El gazpacho perdió ajo...
y perdió pan. Lógico: no se trata de saciar ningún hambre, sino de tomar una
entrada refrescante. Sobra tanto pan. Y se tiende a que su textura sea líquida,
pero aterciopelada, en todo caso sin grumos, sin rastros de las hortalizas: lo
que es un jugo de tomate aliñado con aceite de oliva, vinagre y sal y
completado con otras verduras.
Es julio. Plena
canícula, que se nota sobre todo en ciudades grandes, como Madrid. Apetece un
gazpacho. Y en la heladera tengo una jarra. Matizaré: no voy a llamarle
gazpacho... porque en este tema abundan los puristas, los cazadores de
heterodoxias, que por nada escriben indignados a los medios. Sopa fría de
tomate, pues. Y con su pan (nunca mejor dicho) se lo coman los partidarios de
la rígida ortodoxia.
LA RECETA DE LA SOPA FRIA. Para empezar, ponemos en un cacharro con
agua y un chorrito de vinagre un pepino pelado y cortado en trozos; una cebolla
pequeña, también en trozos, y un diente de ajo, y dejamos todo ahí media hora.
El pepino, así tratado, no osará repetir; y las liliáceas moderarán mucho su
agresividad.
El pimiento, por
cuestiones cromáticas, lo usamos rojo, y antes de nada lo cocemos unos minutos en
agua con otro chorrito de vinagre: se doma, deja de saber a crudo, se civiliza.
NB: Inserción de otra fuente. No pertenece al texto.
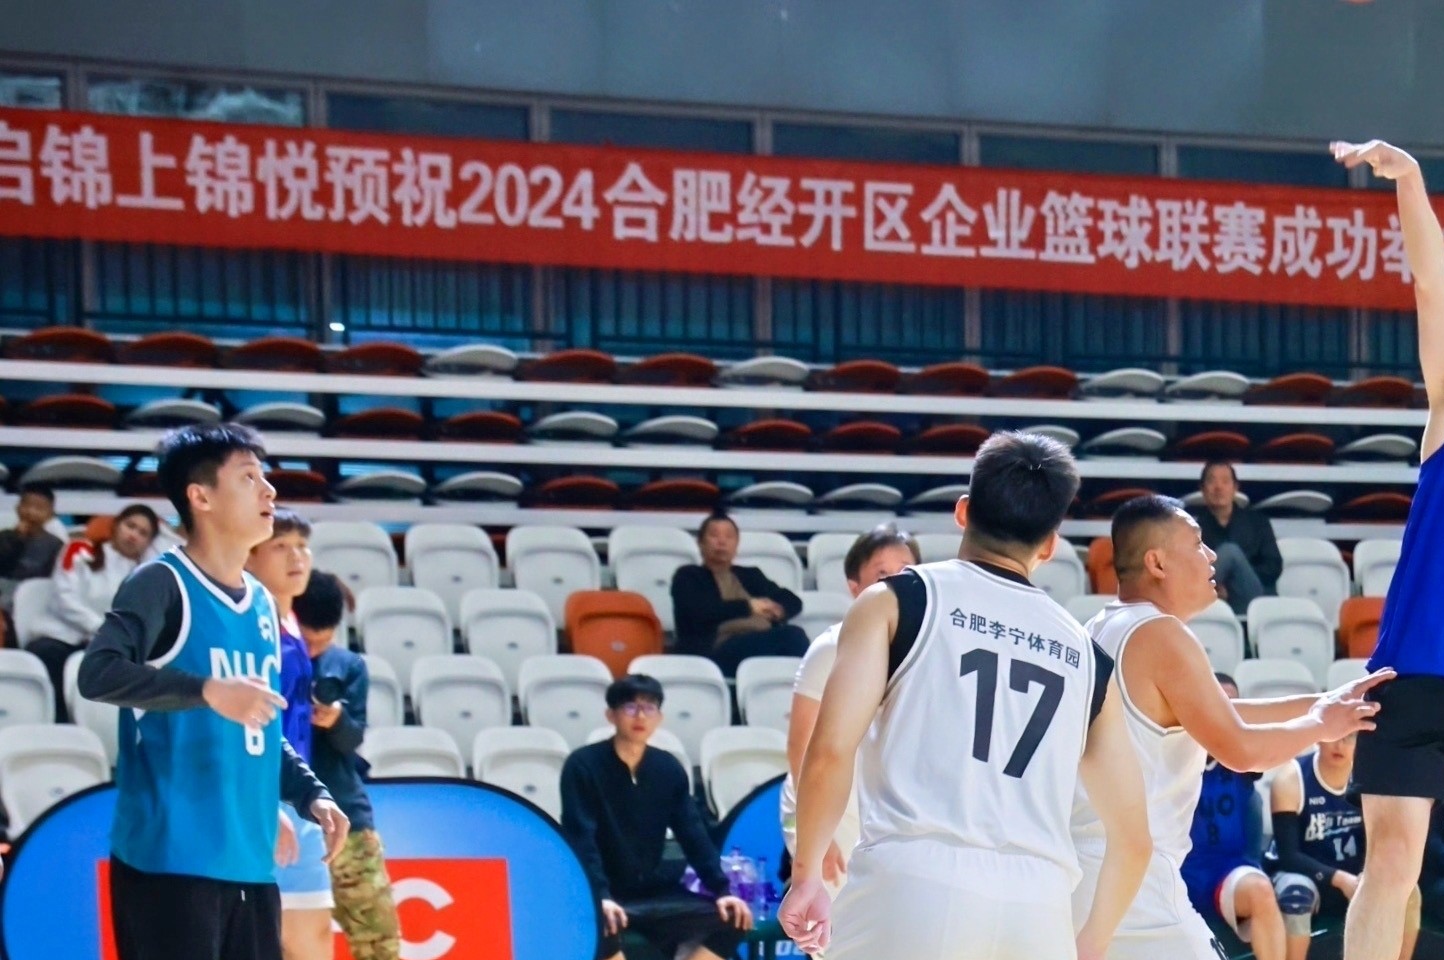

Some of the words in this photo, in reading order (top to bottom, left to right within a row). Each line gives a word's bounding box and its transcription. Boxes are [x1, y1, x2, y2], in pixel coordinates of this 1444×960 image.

[949, 607, 1081, 669] 合肥李宁体育园
[959, 647, 1065, 779] 17
[1333, 834, 1357, 861] 14
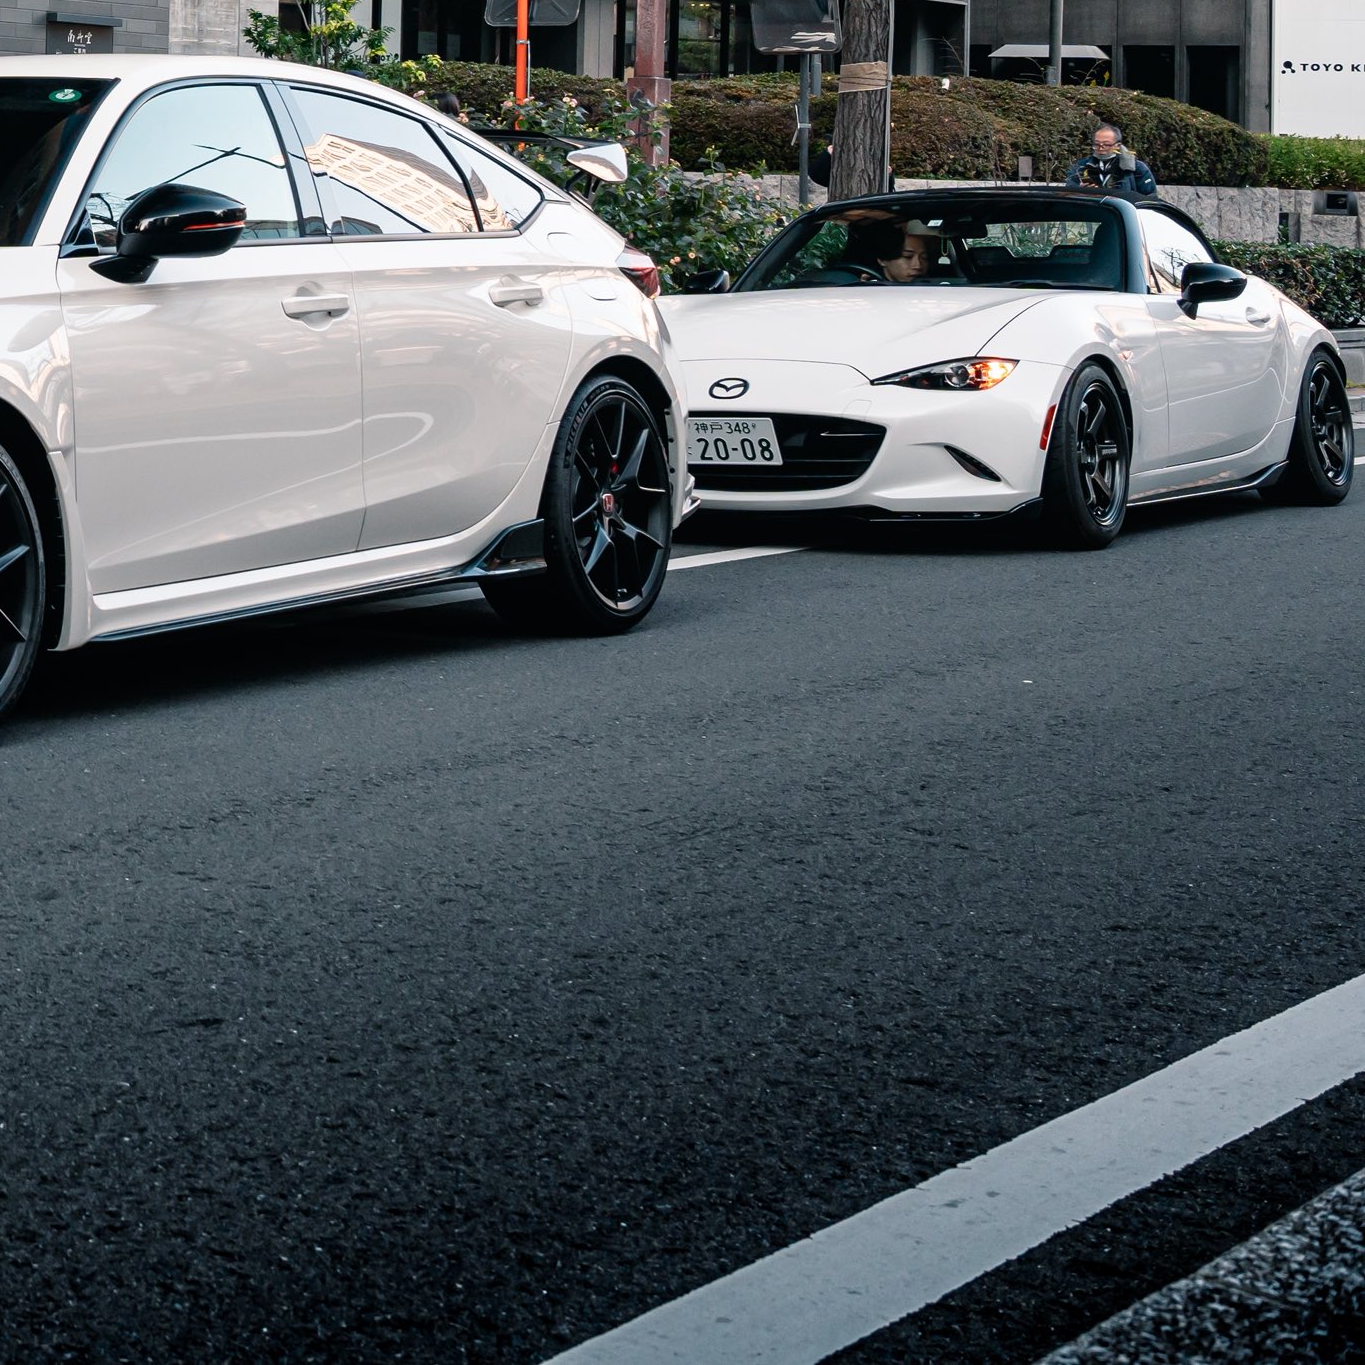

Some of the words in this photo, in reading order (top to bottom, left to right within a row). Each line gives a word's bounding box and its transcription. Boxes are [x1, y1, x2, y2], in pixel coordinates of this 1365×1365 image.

[1300, 63, 1344, 72] TOYO
[1351, 63, 1365, 72] K
[696, 437, 774, 462] 20-08
Una vez hecho esto, lo pelamos y picamos.
Pelamos también, y
troceamos, un kilo de tomates rojos. Reunimos todas las hortalizas en el vaso
de la batidora, añadiendo una pizquita de cominos -nos encantan-, y las
trituramos sin la más mínima consideración. Pasamos el resultado por un
colador, apretando bien. Añadimos ahora una cucharada de vinagre de Jerez,
medio vaso de aceite virgen y la sal necesaria, más bien poca.
Volvemos a batir bien...
y al frigorífico, no sin antes echar un poco de agua fría para lograr la consistencia
deseada. Ya en la mesa, le vamos añadiendo unos picatostes al ajo (daditos de
pan seco regados con aceite de ajo), poco a poco para que no se reblandezcan. Y
eso es todo. Perfecto para refrescarse.